Future taxes on carbon emissions could make renewables less expensive than coal-based electricity, leading perhaps to a drawdown of local power plants, said Jeremy Firestone, an associate professor in the College of Marine and Earth Studies at the University of Delaware.

It was a busy week in Dover for lobbying and discussing the Bluewater project. This week saw the formal release of the report endorsed last week by the Senate Energy and Transit Committee, in addition to the disclosure of the eight cancer clusters by the Department of Public Health.

The 125-page Senate report, titled "Comprehensive Report on Affordable, Environmentally Friendly Energy with a Detailed Analysis of the Proposed Bluewater Power Purchase Agreement," was formally released.

It argues the Public Service Commission and other state agencies erred in how they carried out legislative instructions to look for new, in-state sources of generation. The agencies did not follow bidding rules and passed over less-expensive alternatives, the report said.

The formal, bound draft was a forceful argument against the Bluewater project, but softened some language from the draft that leaked out about two weeks ago. Unlike the first draft, it implicitly, but does not explicitly, calls for the project's defeat. It suggests a task force to investigate an interstate offshore pilot project with Maryland, Virginia and New Jersey.

And it removes language that the Bluewater project would definitely result in a net job loss in Delaware. It "has the potential" to eliminate more jobs than it creates, instead of the last draft's language that a net job loss "appears almost certain."

Bluewater says it can deliver hundreds of jobs by making Delaware its regional construction hub. But the report suggests that the higher price of electricity would harm the economy, and drive business away.

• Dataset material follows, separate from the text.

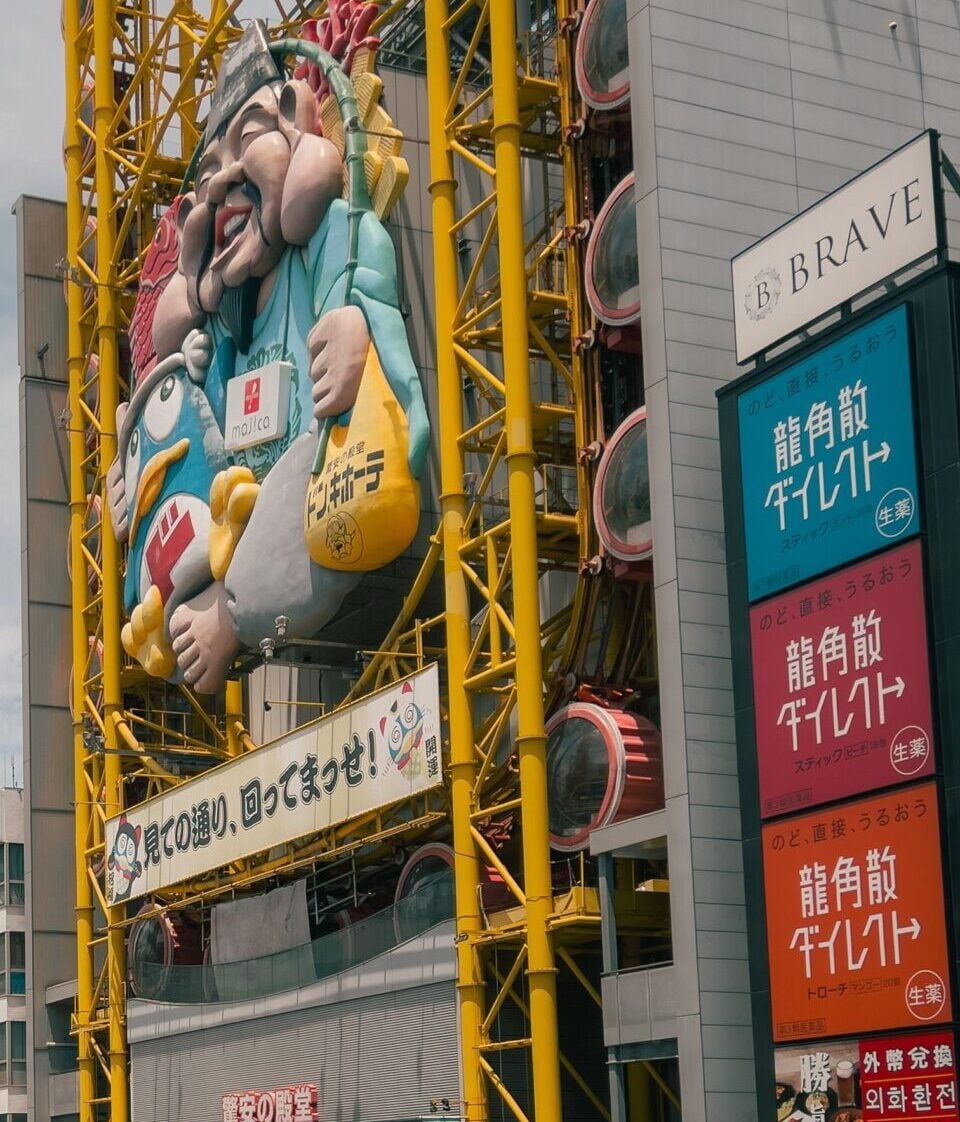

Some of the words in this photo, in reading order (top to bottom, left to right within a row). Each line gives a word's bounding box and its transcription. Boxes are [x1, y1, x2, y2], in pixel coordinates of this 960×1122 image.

Meanwhile, Sens. Karen E. Peterson, D-Stanton, and Catherine A. Cloutier, R-Heatherbrooke, issued a minority report that argued the project is worth going forward with, mainly to stabilize electricity prices.

"It can be justified purely on the basis of protecting ratepayers from future price increases, the primary, original purpose of HB 6," they wrote, referring to the legislation that sent state agencies looking for new, in-state sources of power.

They wrote the majority report is filled with "factual, analytical and legal" errors, calling it "a one-sided document that echoes the economic, policy, and legal arguments of Delmarva Power while ignoring the views of those who disagree with the Committee Chairman."